◆ Task goal:
Write out the data exactly as given, dropping every picture.
★ ★ ★ ★ ★
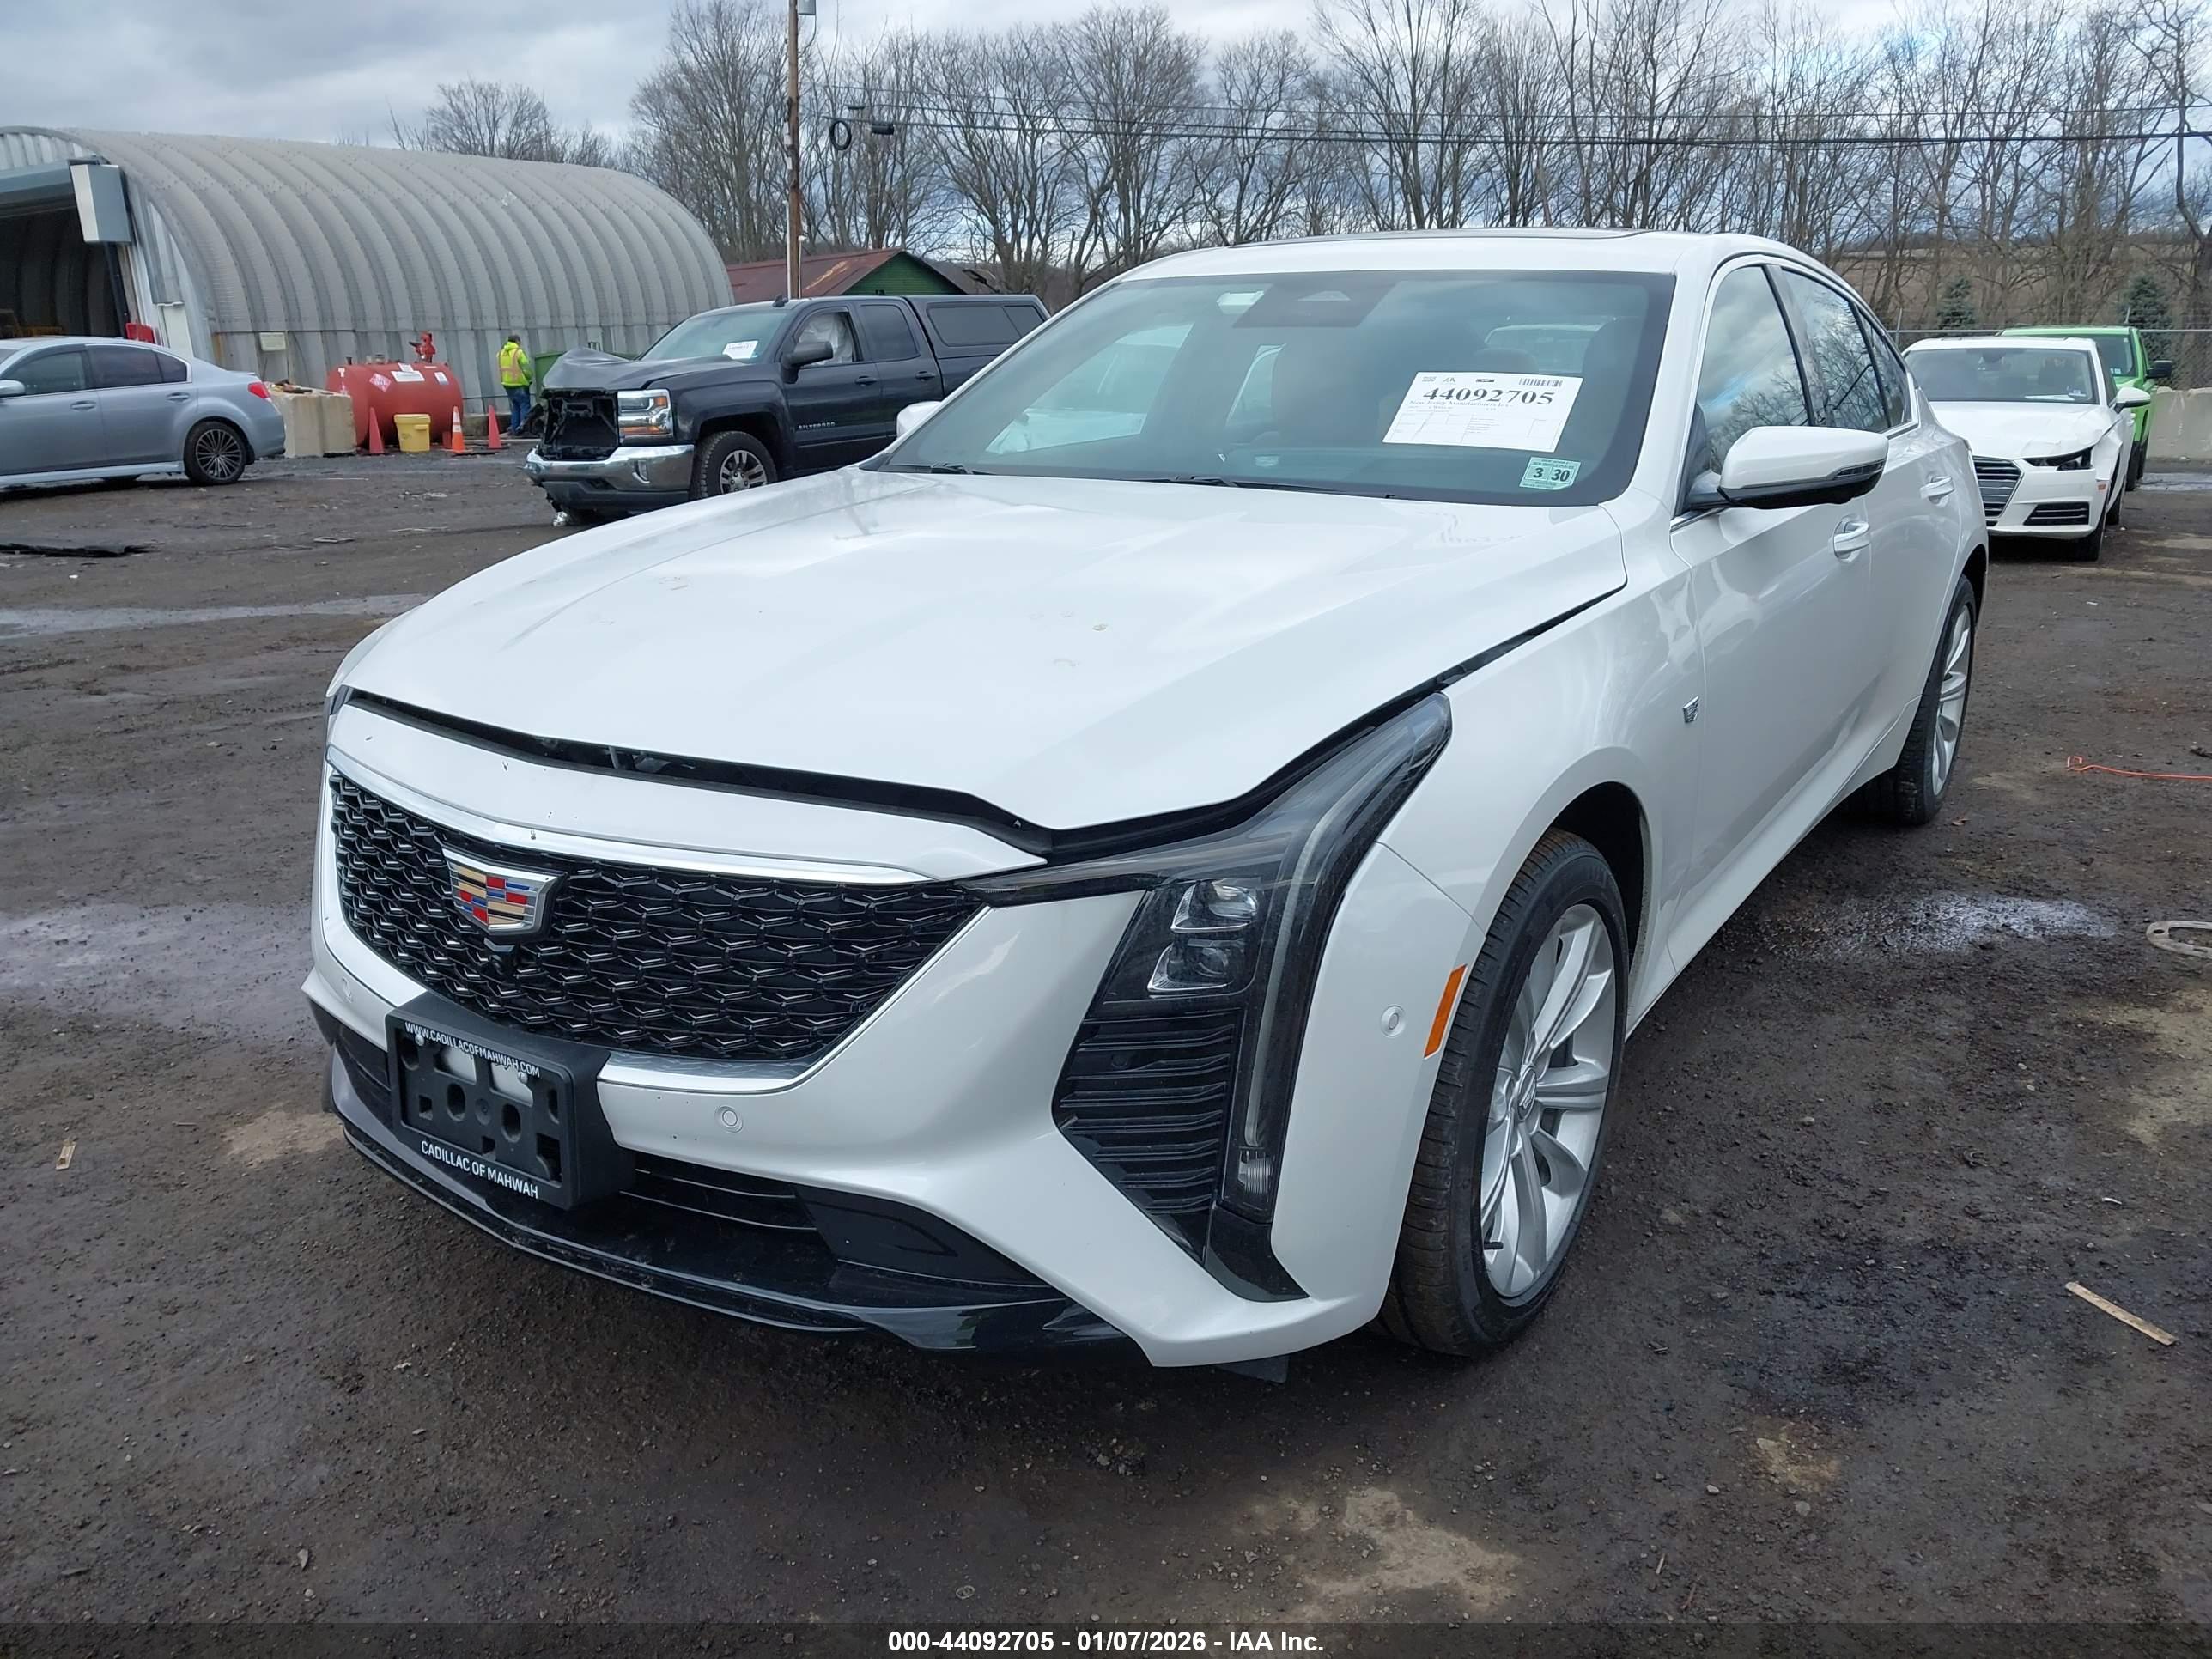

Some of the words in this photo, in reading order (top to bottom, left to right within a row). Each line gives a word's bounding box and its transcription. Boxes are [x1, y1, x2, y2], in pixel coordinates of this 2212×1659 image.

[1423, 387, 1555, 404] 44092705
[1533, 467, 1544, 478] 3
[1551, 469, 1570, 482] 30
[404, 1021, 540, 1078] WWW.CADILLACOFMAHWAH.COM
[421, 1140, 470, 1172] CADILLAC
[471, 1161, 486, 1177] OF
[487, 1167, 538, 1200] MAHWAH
★ ★ ★ ★ ★
◆ Response to this task:
Some of the words in this photo, in reading order (top to bottom, left to right within a row). Each line gives a word's bounding box and its transcription. Boxes are [x1, y1, x2, y2], in pixel coordinates of this 2212×1659 image.

[1423, 387, 1555, 404] 44092705
[1533, 467, 1544, 478] 3
[1551, 469, 1570, 482] 30
[404, 1021, 540, 1078] WWW.CADILLACOFMAHWAH.COM
[421, 1140, 470, 1172] CADILLAC
[471, 1161, 486, 1177] OF
[487, 1167, 538, 1200] MAHWAH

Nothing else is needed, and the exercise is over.